Phrase grounding data:
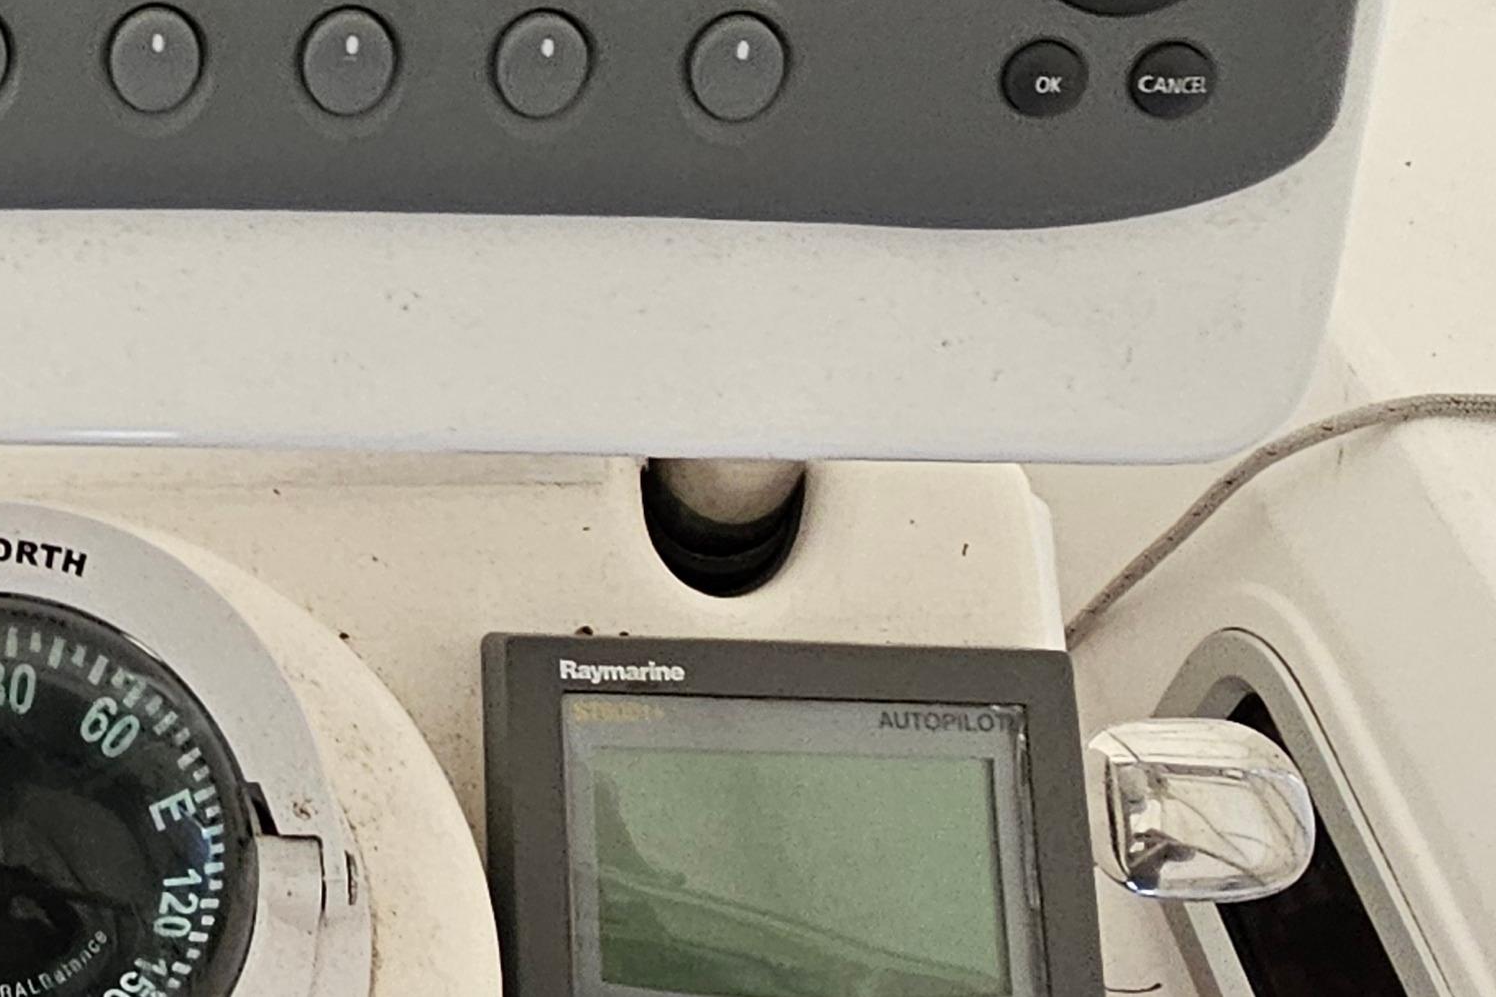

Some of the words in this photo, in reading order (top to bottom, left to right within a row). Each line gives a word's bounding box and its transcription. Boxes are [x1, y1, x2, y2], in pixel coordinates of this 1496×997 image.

[1034, 75, 1063, 94] OK
[1137, 74, 1208, 94] CANCEL
[559, 658, 686, 684] Raymarine
[80, 696, 140, 758] 60
[878, 710, 1012, 733] AUTOPILOT
[148, 788, 197, 832] E
[153, 867, 203, 938] 120

# Work order:
Omit all pictures and repeat the rest of the records verbatim.

# Task answer:
Some of the words in this photo, in reading order (top to bottom, left to right within a row). Each line gives a word's bounding box and its transcription. Boxes are [x1, y1, x2, y2], in pixel coordinates of this 1496×997 image.

[1034, 75, 1063, 94] OK
[1137, 74, 1208, 94] CANCEL
[559, 658, 686, 684] Raymarine
[80, 696, 140, 758] 60
[878, 710, 1012, 733] AUTOPILOT
[148, 788, 197, 832] E
[153, 867, 203, 938] 120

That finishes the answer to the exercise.